> **Directions**: Without the images, print all the entries below exactly as given.

> **Saved data entries**:
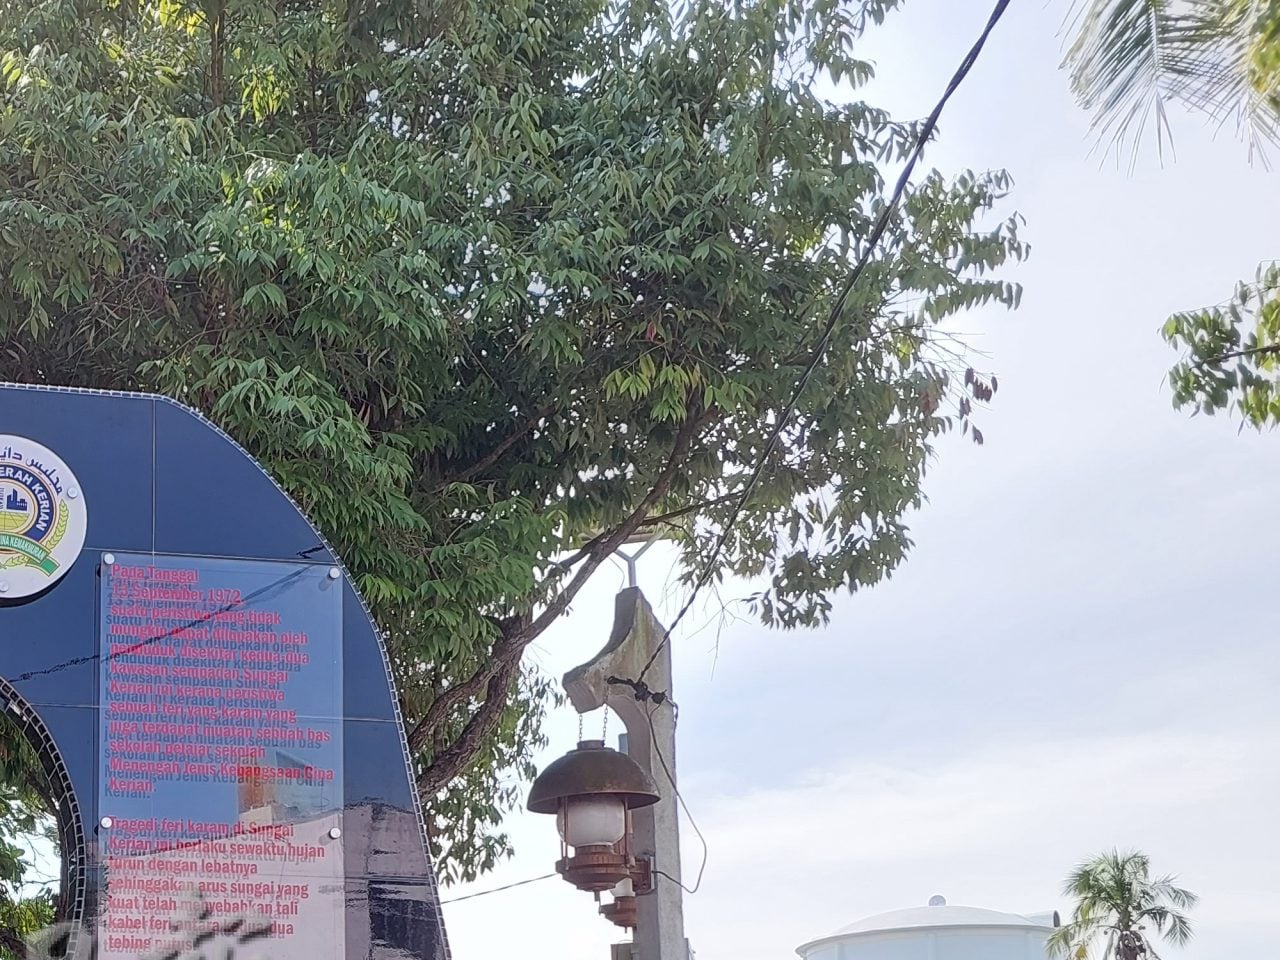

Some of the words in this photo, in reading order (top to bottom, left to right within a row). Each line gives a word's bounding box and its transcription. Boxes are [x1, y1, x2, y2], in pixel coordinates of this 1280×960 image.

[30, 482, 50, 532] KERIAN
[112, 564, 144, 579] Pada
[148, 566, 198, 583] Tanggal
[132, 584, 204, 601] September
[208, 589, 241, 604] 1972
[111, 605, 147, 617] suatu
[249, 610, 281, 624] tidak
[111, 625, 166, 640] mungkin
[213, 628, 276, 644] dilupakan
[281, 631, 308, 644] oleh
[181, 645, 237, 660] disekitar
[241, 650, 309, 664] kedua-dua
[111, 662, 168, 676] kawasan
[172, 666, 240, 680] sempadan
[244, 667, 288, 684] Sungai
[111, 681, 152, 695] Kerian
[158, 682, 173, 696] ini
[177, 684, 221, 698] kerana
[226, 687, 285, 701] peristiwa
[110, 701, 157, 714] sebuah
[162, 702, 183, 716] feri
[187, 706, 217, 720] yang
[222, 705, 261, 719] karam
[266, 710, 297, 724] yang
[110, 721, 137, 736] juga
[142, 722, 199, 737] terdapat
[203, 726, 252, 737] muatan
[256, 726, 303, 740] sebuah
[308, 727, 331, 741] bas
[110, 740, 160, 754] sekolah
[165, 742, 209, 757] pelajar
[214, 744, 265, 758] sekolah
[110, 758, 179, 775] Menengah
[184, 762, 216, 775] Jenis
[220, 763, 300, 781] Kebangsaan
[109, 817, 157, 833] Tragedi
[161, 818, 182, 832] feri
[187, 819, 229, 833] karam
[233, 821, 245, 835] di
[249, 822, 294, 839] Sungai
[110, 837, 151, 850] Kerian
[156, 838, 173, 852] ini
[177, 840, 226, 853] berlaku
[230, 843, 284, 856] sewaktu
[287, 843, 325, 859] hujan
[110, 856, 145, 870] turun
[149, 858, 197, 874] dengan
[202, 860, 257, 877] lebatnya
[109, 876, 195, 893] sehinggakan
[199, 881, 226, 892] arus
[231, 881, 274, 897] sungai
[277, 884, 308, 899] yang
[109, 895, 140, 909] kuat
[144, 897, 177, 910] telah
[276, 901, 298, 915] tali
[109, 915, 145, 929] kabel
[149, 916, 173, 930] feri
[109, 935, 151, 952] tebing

> **Finished exercise**:
Some of the words in this photo, in reading order (top to bottom, left to right within a row). Each line gives a word's bounding box and its transcription. Boxes are [x1, y1, x2, y2], in pixel coordinates of this 1280×960 image.

[30, 482, 50, 532] KERIAN
[112, 564, 144, 579] Pada
[148, 566, 198, 583] Tanggal
[132, 584, 204, 601] September
[208, 589, 241, 604] 1972
[111, 605, 147, 617] suatu
[249, 610, 281, 624] tidak
[111, 625, 166, 640] mungkin
[213, 628, 276, 644] dilupakan
[281, 631, 308, 644] oleh
[181, 645, 237, 660] disekitar
[241, 650, 309, 664] kedua-dua
[111, 662, 168, 676] kawasan
[172, 666, 240, 680] sempadan
[244, 667, 288, 684] Sungai
[111, 681, 152, 695] Kerian
[158, 682, 173, 696] ini
[177, 684, 221, 698] kerana
[226, 687, 285, 701] peristiwa
[110, 701, 157, 714] sebuah
[162, 702, 183, 716] feri
[187, 706, 217, 720] yang
[222, 705, 261, 719] karam
[266, 710, 297, 724] yang
[110, 721, 137, 736] juga
[142, 722, 199, 737] terdapat
[203, 726, 252, 737] muatan
[256, 726, 303, 740] sebuah
[308, 727, 331, 741] bas
[110, 740, 160, 754] sekolah
[165, 742, 209, 757] pelajar
[214, 744, 265, 758] sekolah
[110, 758, 179, 775] Menengah
[184, 762, 216, 775] Jenis
[220, 763, 300, 781] Kebangsaan
[109, 817, 157, 833] Tragedi
[161, 818, 182, 832] feri
[187, 819, 229, 833] karam
[233, 821, 245, 835] di
[249, 822, 294, 839] Sungai
[110, 837, 151, 850] Kerian
[156, 838, 173, 852] ini
[177, 840, 226, 853] berlaku
[230, 843, 284, 856] sewaktu
[287, 843, 325, 859] hujan
[110, 856, 145, 870] turun
[149, 858, 197, 874] dengan
[202, 860, 257, 877] lebatnya
[109, 876, 195, 893] sehinggakan
[199, 881, 226, 892] arus
[231, 881, 274, 897] sungai
[277, 884, 308, 899] yang
[109, 895, 140, 909] kuat
[144, 897, 177, 910] telah
[276, 901, 298, 915] tali
[109, 915, 145, 929] kabel
[149, 916, 173, 930] feri
[109, 935, 151, 952] tebing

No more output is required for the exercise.